__DIRECTIONS__: Pictures aside, each entry has to be returned exactly as it stands.

__DATA EXTRACTS__:

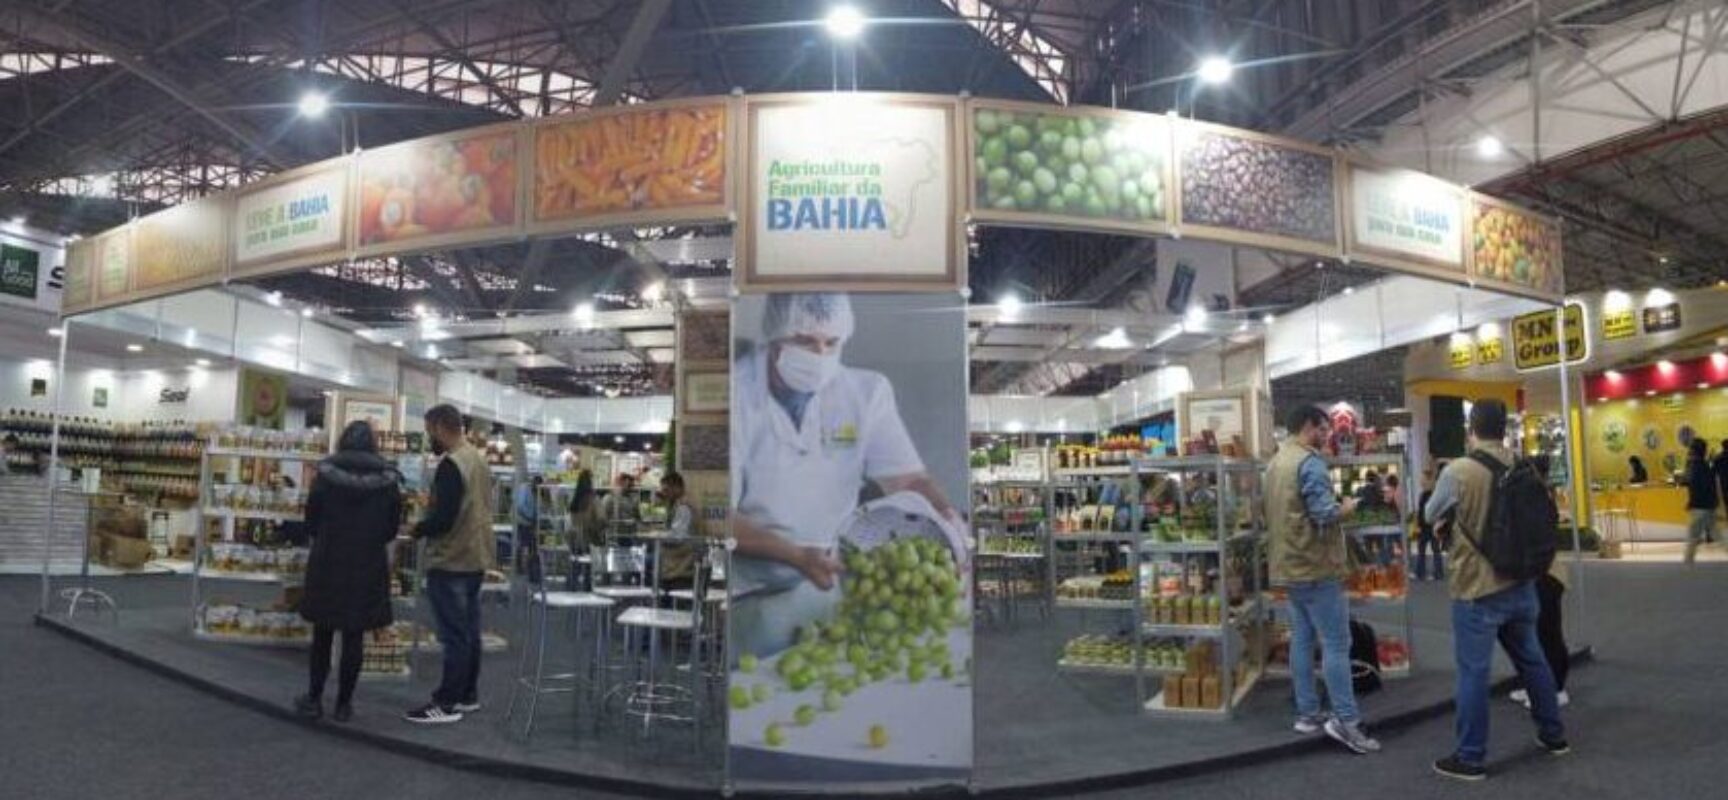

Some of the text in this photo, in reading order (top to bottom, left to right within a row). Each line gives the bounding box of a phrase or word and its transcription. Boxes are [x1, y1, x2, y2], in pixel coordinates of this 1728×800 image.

[768, 159, 882, 178] Agricultura
[768, 178, 882, 196] Familiar da
[289, 194, 329, 220] BAHIA
[766, 197, 887, 231] BAHIA
[1414, 206, 1449, 232] BAHIA
[1518, 316, 1555, 342] MN

__TASK ANSWER__:
Some of the text in this photo, in reading order (top to bottom, left to right within a row). Each line gives the bounding box of a phrase or word and its transcription. Boxes are [x1, y1, x2, y2], in pixel coordinates of this 1728×800 image.

[768, 159, 882, 178] Agricultura
[768, 178, 882, 196] Familiar da
[289, 194, 329, 220] BAHIA
[766, 197, 887, 231] BAHIA
[1414, 206, 1449, 232] BAHIA
[1518, 316, 1555, 342] MN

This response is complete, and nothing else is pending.